Liron Amitzi Oracle ACE

Oded Raz Oracle ACE Director

Using Oracle DBMS_MONITOR

Posted by Liron Amitzi on Feb 7th, 2010 and filed under Administration, Oracle. You can follow any responses to this entry through the RSS 2.0. You can leave a response or trackback to this entry

DBMS_MONITOR is a new package in ORACLE 10G. This package allows us, amongst others, to trace sessions in the database.

In order to trace a session we need information about the session. This information can be client identifier (set by the application) or sid and serial# of the session.

DBMS_MONITOR causes the server process to generate a trace file as it does using other trace mechanisms (such as SQL_TRACE parameter set to true, event 10046, etc.).
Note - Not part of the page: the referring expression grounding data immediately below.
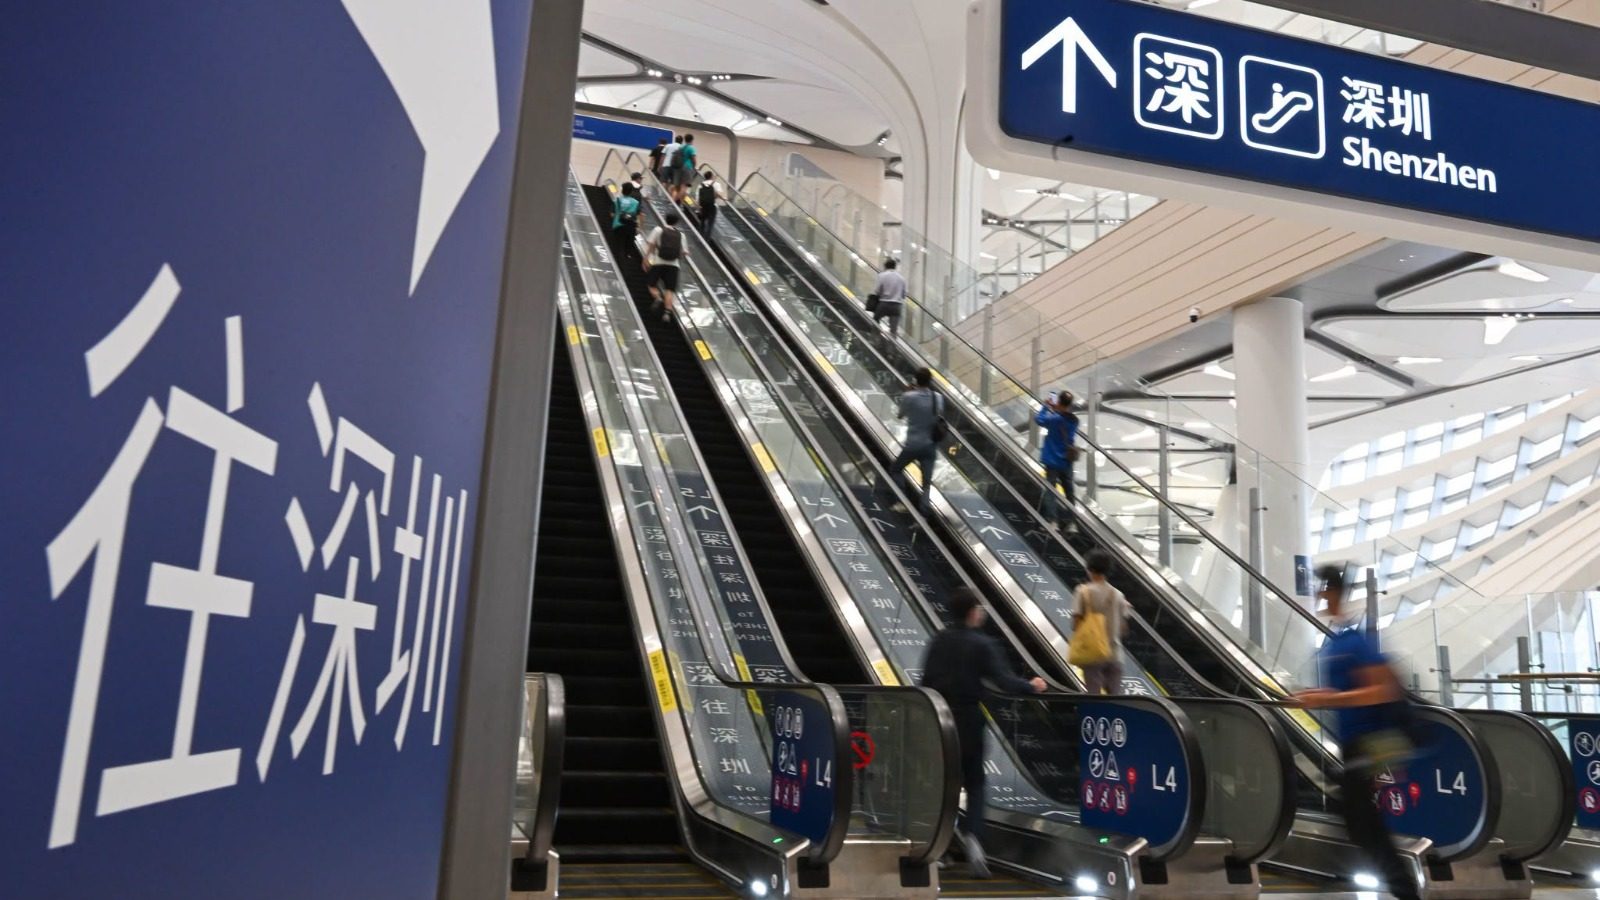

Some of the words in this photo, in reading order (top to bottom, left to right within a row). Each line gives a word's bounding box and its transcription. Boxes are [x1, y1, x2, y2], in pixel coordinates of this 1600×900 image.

[1145, 51, 1212, 124] 深
[1340, 76, 1432, 141] 深圳
[1343, 136, 1497, 193] Shenzhen
[802, 496, 835, 507] L5
[962, 508, 995, 520] L5
[46, 263, 468, 849] 往深圳
[832, 541, 861, 553] 深
[848, 561, 896, 609] 往深圳
[881, 627, 919, 635] SHEN
[702, 699, 751, 774] 往深圳
[815, 757, 832, 788] L4
[1152, 764, 1177, 792] L4
[1435, 768, 1467, 796] L4
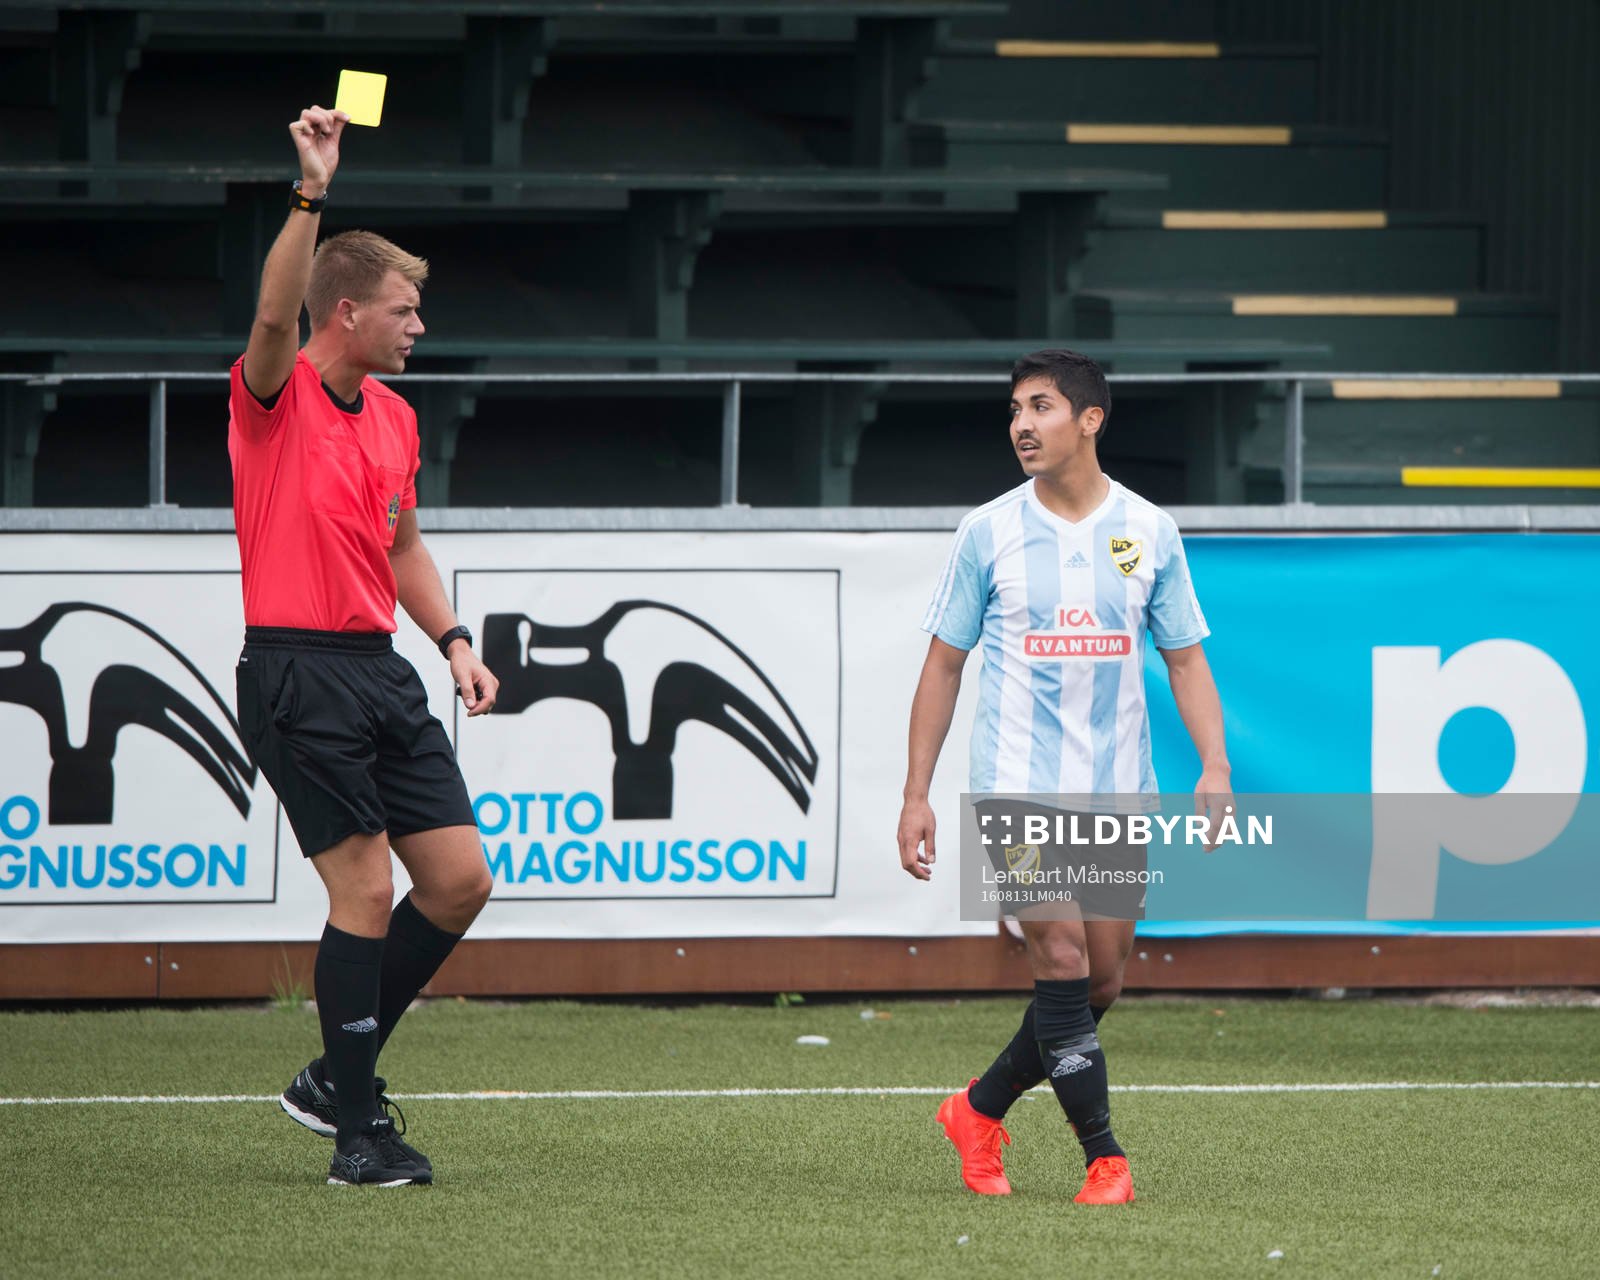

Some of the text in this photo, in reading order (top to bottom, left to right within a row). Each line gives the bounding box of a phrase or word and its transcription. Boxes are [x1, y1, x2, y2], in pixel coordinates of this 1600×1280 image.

[1060, 609, 1096, 627] ICA
[1030, 639, 1123, 653] KVANTUM
[1366, 638, 1588, 920] p
[472, 792, 604, 836] OTTO
[482, 839, 807, 884] MAGNUSSON
[1052, 1059, 1093, 1078] adidas
Along with the trace information about queries and queries statistics, the trace can also have information about wait events and bind variables value.

Syntax:


 DBMS_MONITOR.CLIENT_ID_TRACE_ENABLE(client_id,waits,binds);
 DBMS_MONITOR.SESSION_TRACE_ENABLE(SID,SERIAL#, waits, binds);

If not specifies, the trace file will include wait event information and will not include bind variables values.

Example #1:


 exec DBMS_MONITOR.CLIENT_ID_TRACE_ENABLE('hr');

will start a trace for all session with client identifier ‘hr’.
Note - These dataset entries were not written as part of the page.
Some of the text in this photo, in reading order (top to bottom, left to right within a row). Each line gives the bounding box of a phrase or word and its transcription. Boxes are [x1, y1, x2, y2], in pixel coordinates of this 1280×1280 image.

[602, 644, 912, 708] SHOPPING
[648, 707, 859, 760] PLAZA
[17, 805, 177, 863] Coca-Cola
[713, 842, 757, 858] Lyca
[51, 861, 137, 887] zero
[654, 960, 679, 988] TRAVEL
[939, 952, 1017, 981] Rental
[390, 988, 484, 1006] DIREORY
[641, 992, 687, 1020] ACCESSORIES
To stop the trace we can use:


 exec DBMS_MONITOR.CLIENT_ID_TRACE_DISABLE('hr');

Example #2:


 exec DBMS_MONITOR.SESSION_TRACE_ENABLE(50,100,true,true);

Will start a trace on a specific session (sid=50 and serial#=100) and will include both bind variables value and wait events in the trace file.

To stop the trace we can use:


 exec DBMS_MONITOR.SESSION_TRACE_DISABLE(50,100);

After generating the trace we can execute tkprof to format the trace file.

Note: bind variables value will not appear in the formatted trace file, but only in the raw trace file.